Proteins and DNA Sequences Interacting with Tanshinones and Tanshinone Derivatives.

Abstract

Tanshinones, biologically active diterpene compounds derived from Salvia miltiorrhiza, interact with specific proteins and DNA sequences, influencing signaling pathways in animals and humans. This study highlights tanshinone-protein interactions observed at concentrations achievable in vivo, ensuring greater physiological relevance compared to in vitro studies that often employ supraphysiological ligand levels. Experimental data suggest that while tanshinones interact with multiple proteomic targets, only a few enzymes are significantly affected at biologically relevant concentrations.

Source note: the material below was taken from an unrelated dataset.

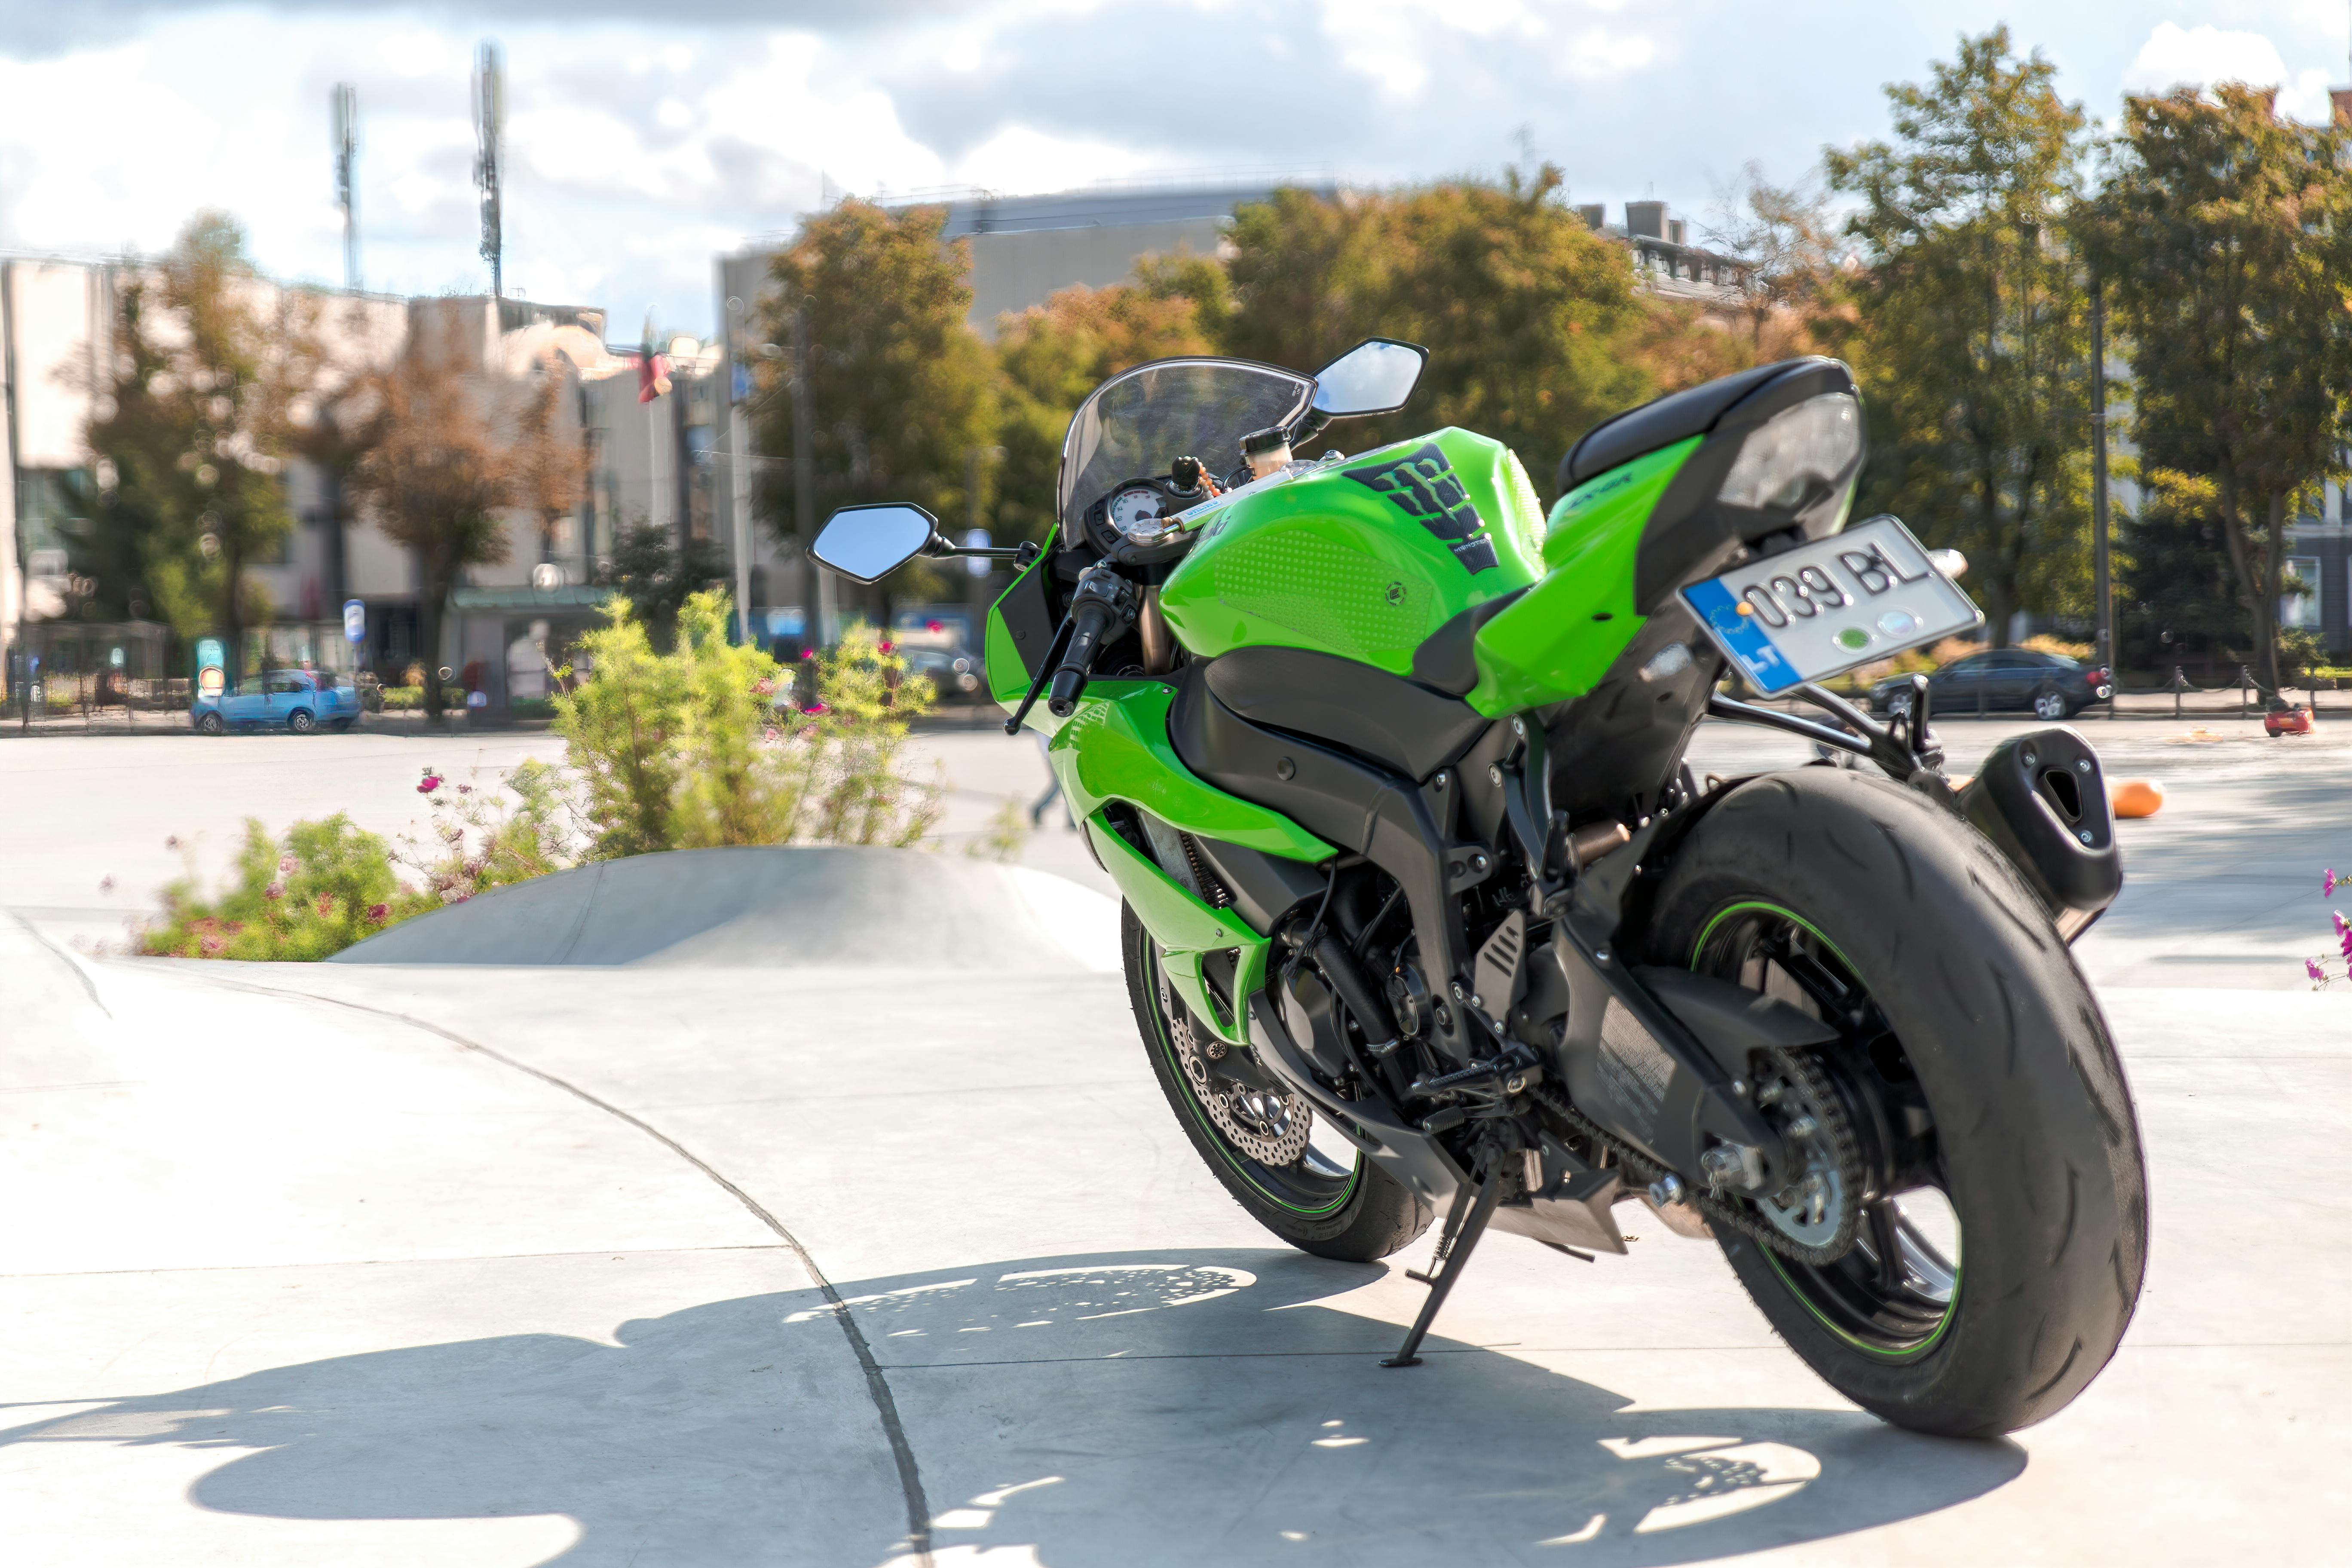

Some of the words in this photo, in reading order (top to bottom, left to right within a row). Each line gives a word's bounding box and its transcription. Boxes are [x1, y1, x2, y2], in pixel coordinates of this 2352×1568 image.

[1742, 563, 1852, 628] 039
[1837, 540, 1933, 596] BL
[1741, 645, 1780, 674] LT

This apparent paradox may be resolved by tanshinones' ability to bind DNA and influence enzymes involved in gene expression or mRNA stability, such as RNA polymerase II and human antigen R protein. These interactions trigger secondary, widespread changes in gene expression, leading to complex proteomic alterations. Although the current understanding of tanshinone-protein interactions remains incomplete, this study provides a foundation for deciphering the molecular mechanisms underlying the therapeutic effects of S. miltiorrhiza diterpenes. Additionally, numerous tanshinone derivatives have been developed to enhance pharmacokinetic properties and biological activity. However, their safety profiles remain poorly characterized, limiting comprehensive insights into their medicinal potential. Further investigation is essential to fully elucidate the therapeutic and toxicological properties of both native and modified tanshinones.